Appendicitis could be triggering a pain in the gut, whereas some patients may also have kidney stones.
The pain might be caused by gastritis, which is an inflammation of the stomach lining.
On rare occasions, stomach aches may be a sign of something more serious, including bowel cancer.
The most common causes of stomach pain
- Trapped wind
- Irritable bowel syndrome
- Diverticular disease
- Kidney stones
- Urine infection
- Pelvic inflammatory disease
- Period pain
- Food poisoning
- Stomach ulcers
- Inflammatory bowel disease
Dr Sambrook told medical website Patient: “Doctors have different words to describe the different types of pain you can feel in the gut.
“Very broadly, pains may be sharp or stabbing, crampy, colicky or a general dull ache. Colicky means gradually becoming worse, then easing off again. This may happen repeatedly.

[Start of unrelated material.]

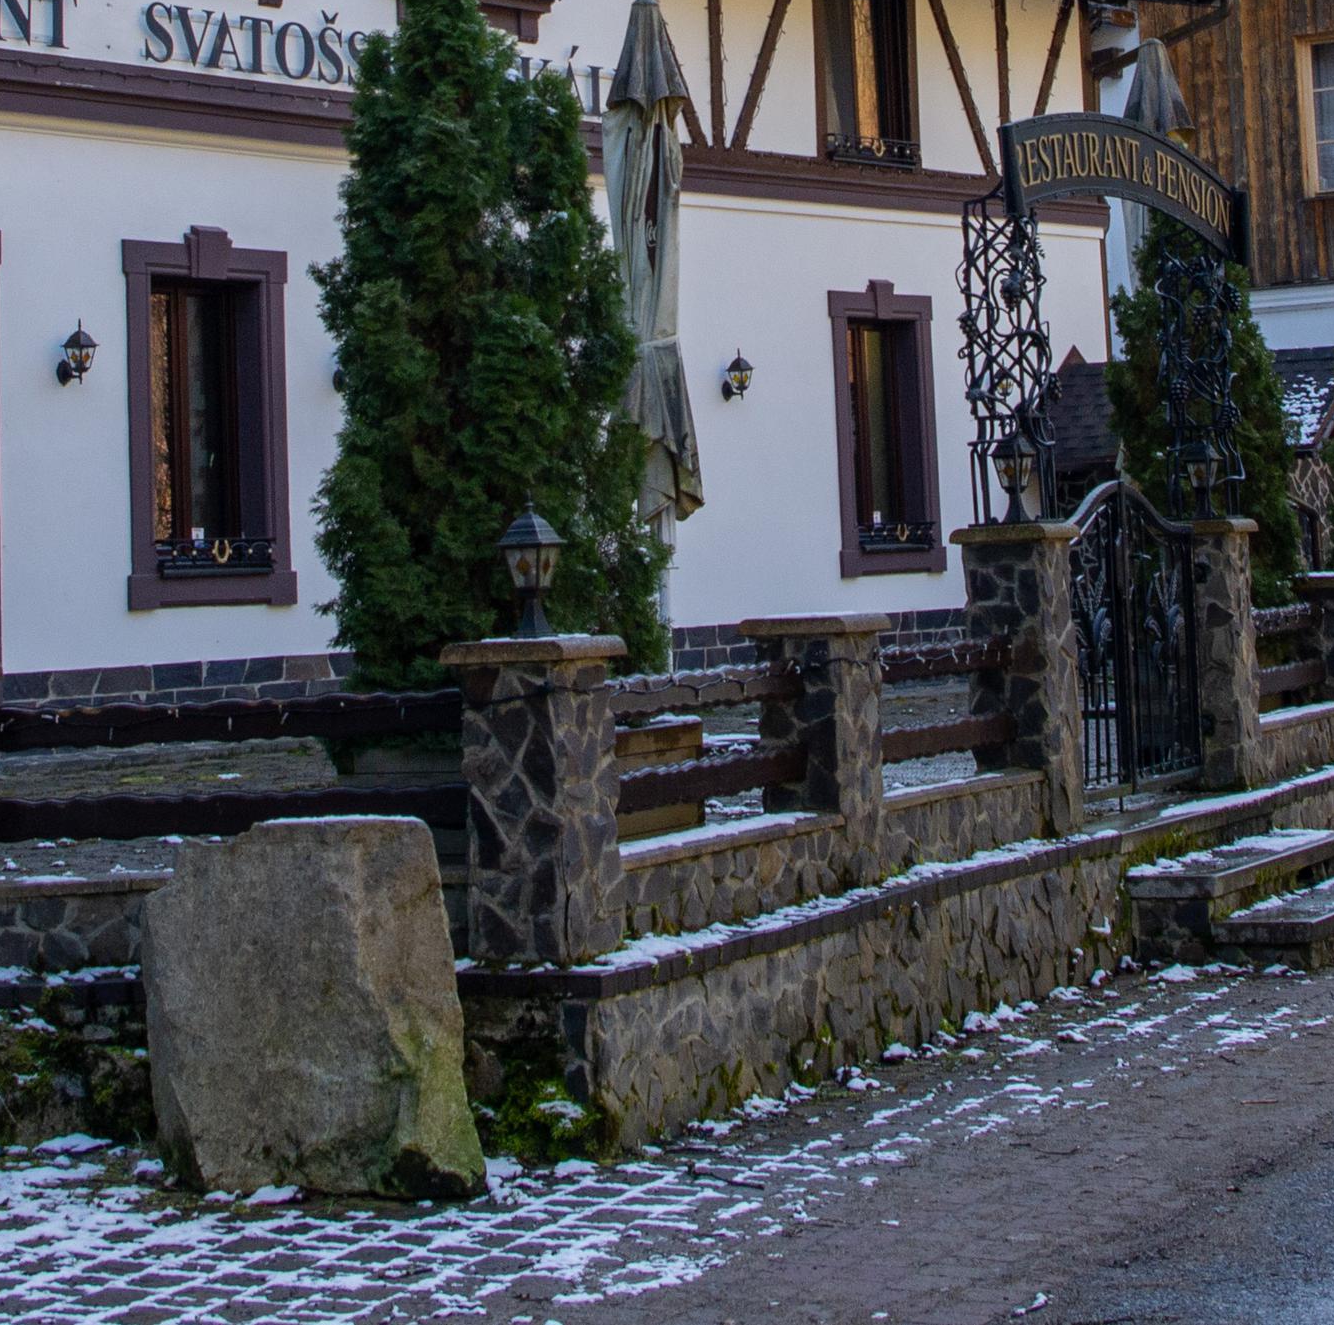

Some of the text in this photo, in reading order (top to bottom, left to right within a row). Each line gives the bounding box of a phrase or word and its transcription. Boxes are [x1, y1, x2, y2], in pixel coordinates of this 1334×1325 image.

“Doctors may also be interested in where the pain is and whether the pain seems to be travelling (radiating) in a certain direction.
“Having this information and putting it together with other information, such as whether you have been being sick (vomiting) or have had diarrhoea, will help the doctor work out what is wrong.
“If you have a pain that is not going away quickly [within a few hours] or that you cannot cope with, you should see a GP.”